Mack pointed out as of the end of August more than a quarter (27 percent) of funds held fewer than $100 million in assets and were more than three years old. He pointed out that these were seasoned products yet they had failed to attract what many vendors would believe to be a viable asset base.

"There are a lot of small funds out there and this may be a time that people decide to do some product reorganization," he speculated.

The industry also faces a shifting landscape as one pillar of the industry's growth -- the 401(k) market -- matures. Ron Bush, a consultant with Brightwork Partners specializing in the retirement market, pointed out that the defined contribution assets are on pace to shrink by some seven to 10 percent in 2001.

Falling assets are an especially hard blow to 401(k) providers who have followed the strategy of giving away services for free to build market share. Fully ninety percent of the segments income is derived from asset management fees, said Bush. With assets falling, the trend is for vendors to review their commitment to the full-service 401(k) business.

"To the extent that they [fees from assets] stay down a significant period of the time you are going to see these trends move more rapidly," he postulated. "This is a consolidation that needed to happen anyway."

More eWholesaling?

Panelists seemed to agree that revolution in wholesaling will pick up pace in wake of September 11. Those events may also benefit firms that had previously felt behind in the wholesaling race.

Firms that had invested in building inside wholesale forces to save costs while enviously watching competitors build large external wholesaler teams may suddenly find themselves better situated than their rivals. This is because travel restrictions and fears are shifting attention from in-person visits to more remote touching using technology.

Charles O'Neill, principal Diversified Management Resources, predicted a further consolidation of wholesaler territories and a move from outside to inside wholesalers. "Second tier firms that are trying to be first tier in the services they provide may need to do something," he added.

Steve Miyao, founder and ceo of Kasina, pointed out that the firms still need to gather assets even as they face corporate wide travel bans. "How can they do that if they do not travel?" he asked. "How can we use technology to build these relationships in a more cost-effective manner? Many firms are moving into that technology faster than they had planned."

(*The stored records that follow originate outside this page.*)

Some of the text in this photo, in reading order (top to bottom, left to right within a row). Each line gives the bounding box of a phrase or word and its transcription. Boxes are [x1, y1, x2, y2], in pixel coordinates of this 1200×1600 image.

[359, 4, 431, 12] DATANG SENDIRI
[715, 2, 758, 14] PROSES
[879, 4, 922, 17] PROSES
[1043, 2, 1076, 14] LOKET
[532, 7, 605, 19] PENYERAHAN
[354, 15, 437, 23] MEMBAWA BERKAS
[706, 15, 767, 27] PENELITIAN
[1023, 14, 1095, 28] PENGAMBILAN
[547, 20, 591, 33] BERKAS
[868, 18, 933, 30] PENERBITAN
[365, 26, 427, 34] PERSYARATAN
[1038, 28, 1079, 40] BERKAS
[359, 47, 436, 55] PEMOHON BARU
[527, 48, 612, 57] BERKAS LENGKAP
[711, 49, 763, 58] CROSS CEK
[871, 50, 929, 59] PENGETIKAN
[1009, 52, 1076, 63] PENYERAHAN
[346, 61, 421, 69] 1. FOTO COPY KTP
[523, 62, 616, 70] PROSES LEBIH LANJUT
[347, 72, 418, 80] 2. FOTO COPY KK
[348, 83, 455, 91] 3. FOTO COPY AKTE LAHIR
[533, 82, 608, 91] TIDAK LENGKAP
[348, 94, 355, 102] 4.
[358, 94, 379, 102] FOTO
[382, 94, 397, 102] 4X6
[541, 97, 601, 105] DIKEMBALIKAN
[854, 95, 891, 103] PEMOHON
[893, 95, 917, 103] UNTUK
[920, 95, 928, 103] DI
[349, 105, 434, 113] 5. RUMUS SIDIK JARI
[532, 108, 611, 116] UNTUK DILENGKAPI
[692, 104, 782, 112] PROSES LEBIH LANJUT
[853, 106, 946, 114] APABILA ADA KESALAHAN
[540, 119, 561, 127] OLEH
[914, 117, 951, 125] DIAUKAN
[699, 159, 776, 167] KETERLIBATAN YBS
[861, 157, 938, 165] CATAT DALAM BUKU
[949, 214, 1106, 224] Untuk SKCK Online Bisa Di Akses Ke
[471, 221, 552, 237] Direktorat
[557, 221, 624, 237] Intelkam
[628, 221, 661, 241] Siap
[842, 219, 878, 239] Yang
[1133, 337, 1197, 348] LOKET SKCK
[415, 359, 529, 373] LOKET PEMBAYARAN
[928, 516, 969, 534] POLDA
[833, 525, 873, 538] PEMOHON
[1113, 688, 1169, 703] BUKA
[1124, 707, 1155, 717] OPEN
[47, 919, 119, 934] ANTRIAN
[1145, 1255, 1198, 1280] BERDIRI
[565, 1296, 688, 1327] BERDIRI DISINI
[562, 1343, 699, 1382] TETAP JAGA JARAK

External wholesalers will never fade away, said Miyao, but he does foresee an evolution in the divide between internal and external teams. He sees outside teams focusing on the most profitable clients while internal wholesalers focus on less=profitable clients.

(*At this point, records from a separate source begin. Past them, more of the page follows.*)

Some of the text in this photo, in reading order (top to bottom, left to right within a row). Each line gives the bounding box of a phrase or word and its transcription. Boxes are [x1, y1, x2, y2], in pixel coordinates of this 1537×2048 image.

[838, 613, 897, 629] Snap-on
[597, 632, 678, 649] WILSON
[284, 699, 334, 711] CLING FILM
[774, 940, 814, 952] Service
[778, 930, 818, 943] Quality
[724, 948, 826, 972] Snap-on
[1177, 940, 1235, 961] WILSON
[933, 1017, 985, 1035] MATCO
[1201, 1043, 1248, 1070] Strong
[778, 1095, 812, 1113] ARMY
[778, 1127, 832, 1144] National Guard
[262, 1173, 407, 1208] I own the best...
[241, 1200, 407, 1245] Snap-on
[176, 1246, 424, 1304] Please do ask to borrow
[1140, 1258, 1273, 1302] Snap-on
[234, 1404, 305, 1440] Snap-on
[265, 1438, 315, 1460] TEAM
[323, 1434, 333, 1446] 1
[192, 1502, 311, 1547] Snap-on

Yet, Sloane raised the possibility that eWholesaling faces a number of challenges. Spreading computer viruses and users lack of comfort with technology will impede ewholesaling and other etools, he contended. "There will be a reticence of people using new tools," he told the audience.

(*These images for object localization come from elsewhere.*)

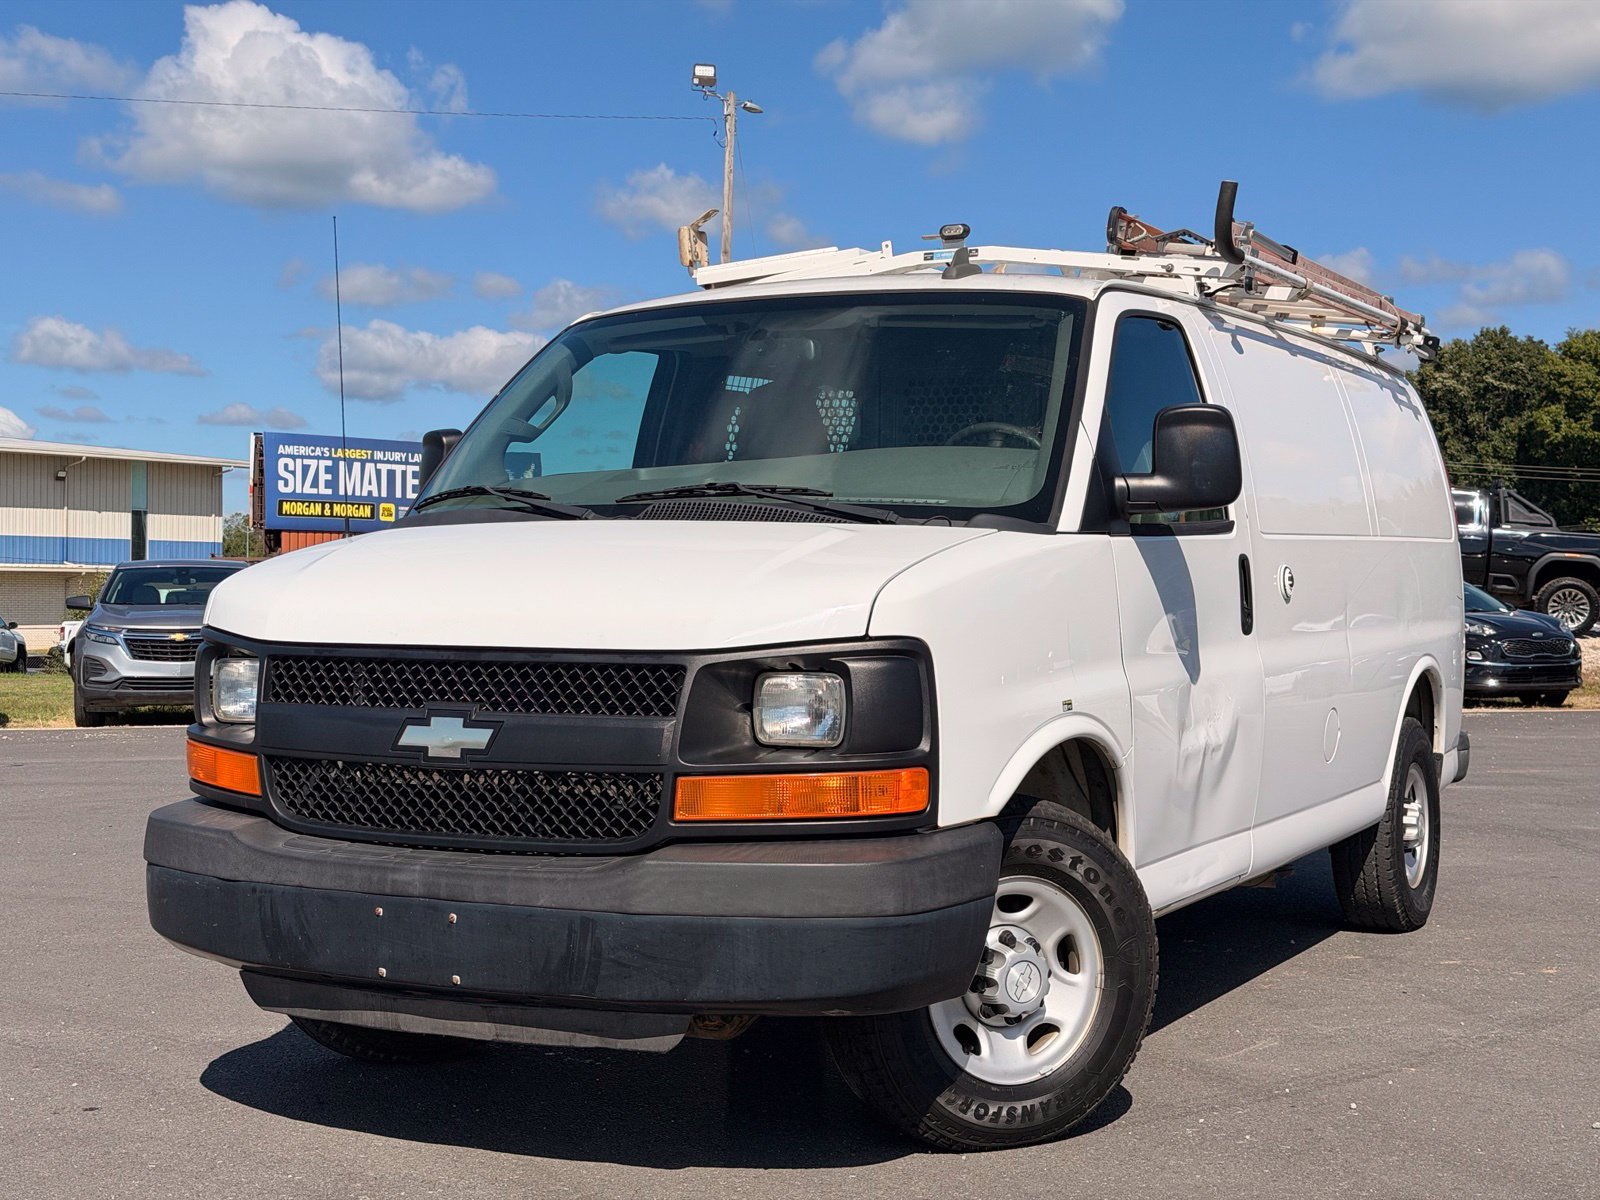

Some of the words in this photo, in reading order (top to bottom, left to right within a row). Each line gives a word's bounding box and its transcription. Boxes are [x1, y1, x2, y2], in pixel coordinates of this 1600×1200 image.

[278, 444, 330, 457] AMERICA'S
[331, 448, 372, 459] LARGEST
[374, 450, 407, 462] INJURY
[408, 452, 422, 462] LA
[278, 457, 333, 495] SIZE
[339, 460, 420, 499] MATTE
[282, 501, 322, 516] MORGAN
[324, 503, 331, 516] &
[333, 503, 371, 518] MORGAN

These problems are not the only reasons panelists predict eWholesaling will not be a magic bullet. "Investment advisors have desktop technology that screen the great number of funds from their universe," said Donald M. Hawley, president of ACS Financial Solutions. "No passive marketing is going to jump past this. Know who your customer is, know what type of allocation they use and build human connections as to why you should do business with me. eWholesaling will be very important for support materials."

Troy Shaver, vice chairman of GoldK, agreed that the market is not yet ready for eWholesalers. Shavers based his observation on experience gained through jumping from the traditional side of the fund business to the head of a Web-based 401(k) administration firm.

His firm tried eWholesaling but discovered the market needed training that had to be done the old fashioned what by wholesalers making personal calls.

"I can't tell you when it is going to change, but I do not see the human element going away anytime soon," Shaver concluded.